9. Identify the decision the analysis informs

Question: [paste]. Stakeholders: [paste]. Draft a 300-word decision memo: the specific decision the answer enables (named, not generic), the named decision-maker, the decision deadline, the alternative outcomes the decision-maker is choosing between, the threshold or evidence quality the decision-maker needs. Analyses run without a named decision produce reports that get filed and not read.

10. Write the one-line headline answer in advance

Question: [paste]. Hypothesis: [paste]. Draft a 200-word headline-first memo: a one-sentence headline for each plausible outcome of the analysis (yes with high confidence, yes with caveats, no with high confidence, inconclusive), the supporting evidence each headline would require, the recommendation each headline would imply. Headlines written in advance force the analyst to face whether the data can actually distinguish between the outcomes.

Category 02

Data Wrangling and SQL Discipline

Ten prompts for the SQL and data-engineering work that determines whether the analysis is correct or merely confident. The shape: query review for correctness and performance, dbt model design with named tests, data quality audits, schema evolution plans, joining logic explicit, NULL and time-zone handling named. Reject the "this query runs so it must be right" framing.

Pairs with: EM Pack

11. SQL query review (correctness, performance, readability)

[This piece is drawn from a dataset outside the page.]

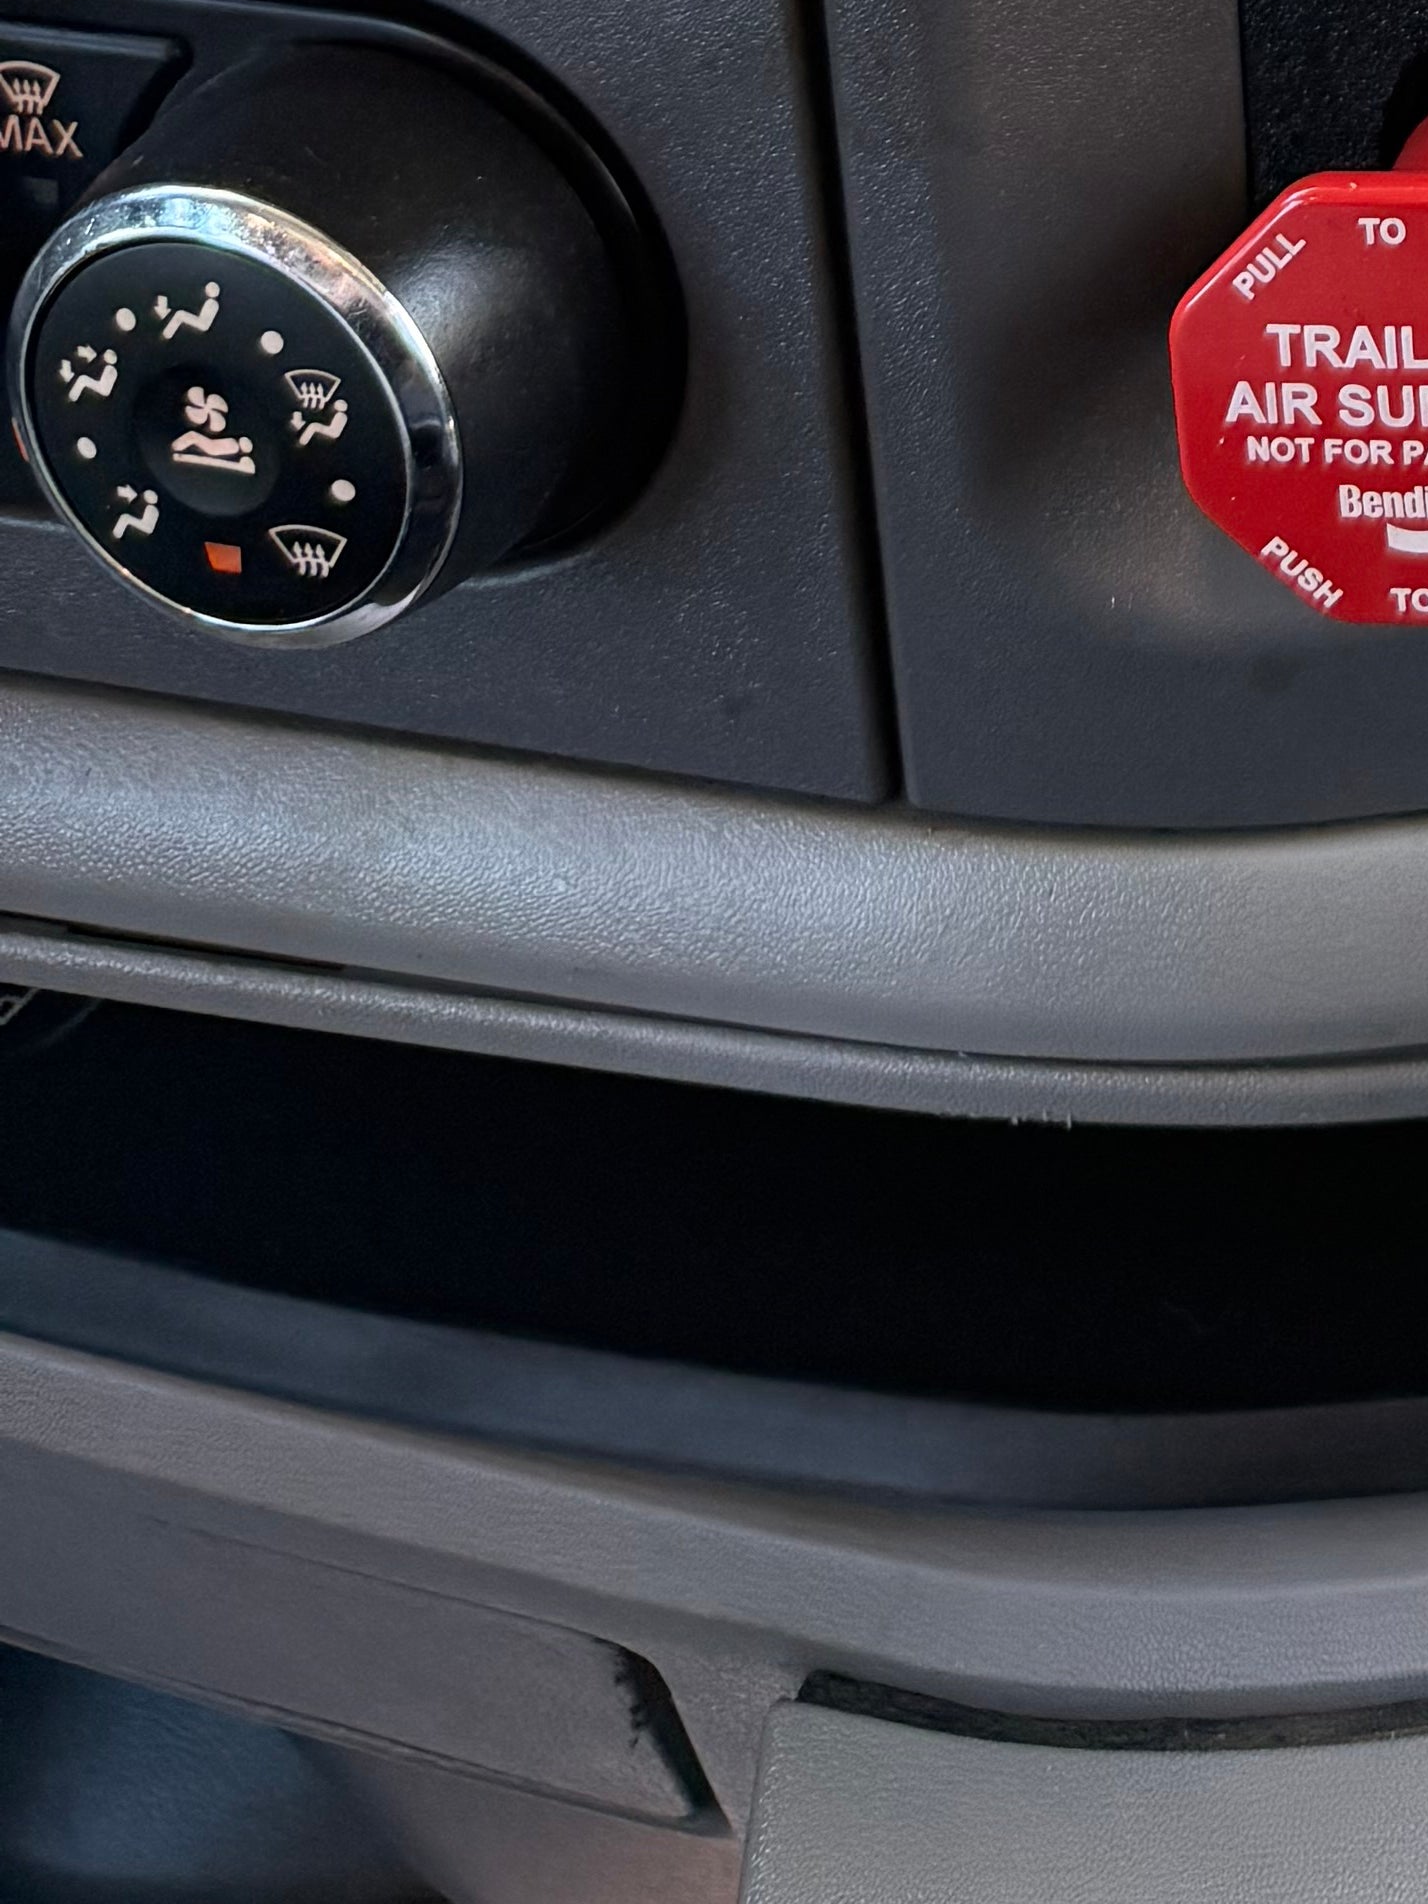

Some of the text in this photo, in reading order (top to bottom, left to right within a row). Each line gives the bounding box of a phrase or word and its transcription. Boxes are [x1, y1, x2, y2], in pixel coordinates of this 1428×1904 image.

Query: [paste]. Tables involved: [paste schema with row counts]. Intended question: [paste]. Draft a 500-word query review: the correctness check (does the query answer the question, does the join logic preserve the intended rows, are aggregations applied at the right grain), the performance check (full table scans, missing indexes, inefficient joins, large CTEs that should be materialized), the readability check (named CTEs, explicit column lists, no SELECT star in production), the named rewrites with rationale. Queries that run are not the same as queries that are correct.

12. dbt model design memo

New model needed: [paste use case, downstream consumers]. Existing models: [paste relevant lineage]. Draft a 600-word dbt model design memo: the model layer (staging, intermediate, mart), the grain of the model (one row per X), the named tests (uniqueness, not-null, accepted values, referential integrity, custom assertions), the documentation per column, the upstream dependencies and freshness expectations, the downstream consumers and SLA. dbt models without tests are technical debt that ages into production incidents.

13. Data quality audit for a source table

Table: [paste name and schema]. Suspected issues: [paste]. Draft a 500-word data quality audit: the row count vs expected, the null counts per column with the threshold for concern, the duplicate analysis (by which keys), the time-series gaps (missing days, anomalous days), the categorical column distribution (unexpected new values), the foreign-key integrity, the named remediation per issue. Data quality issues found in production by a stakeholder are an order of magnitude more expensive than issues found by audit.

14. Schema evolution plan for a breaking change

Current schema: [paste]. Proposed change: [paste]. Downstream consumers: [paste]. Draft a 600-word schema evolution plan: the migration phases (dual-write, backfill, switch reads, retire old column), the communication to downstream consumers per phase with the named owner, the SLA for migration of each consumer, the rollback plan, the kill criterion (when to revert), the verification queries before each phase. Schema changes pushed without a migration plan break dashboards engineers cannot debug.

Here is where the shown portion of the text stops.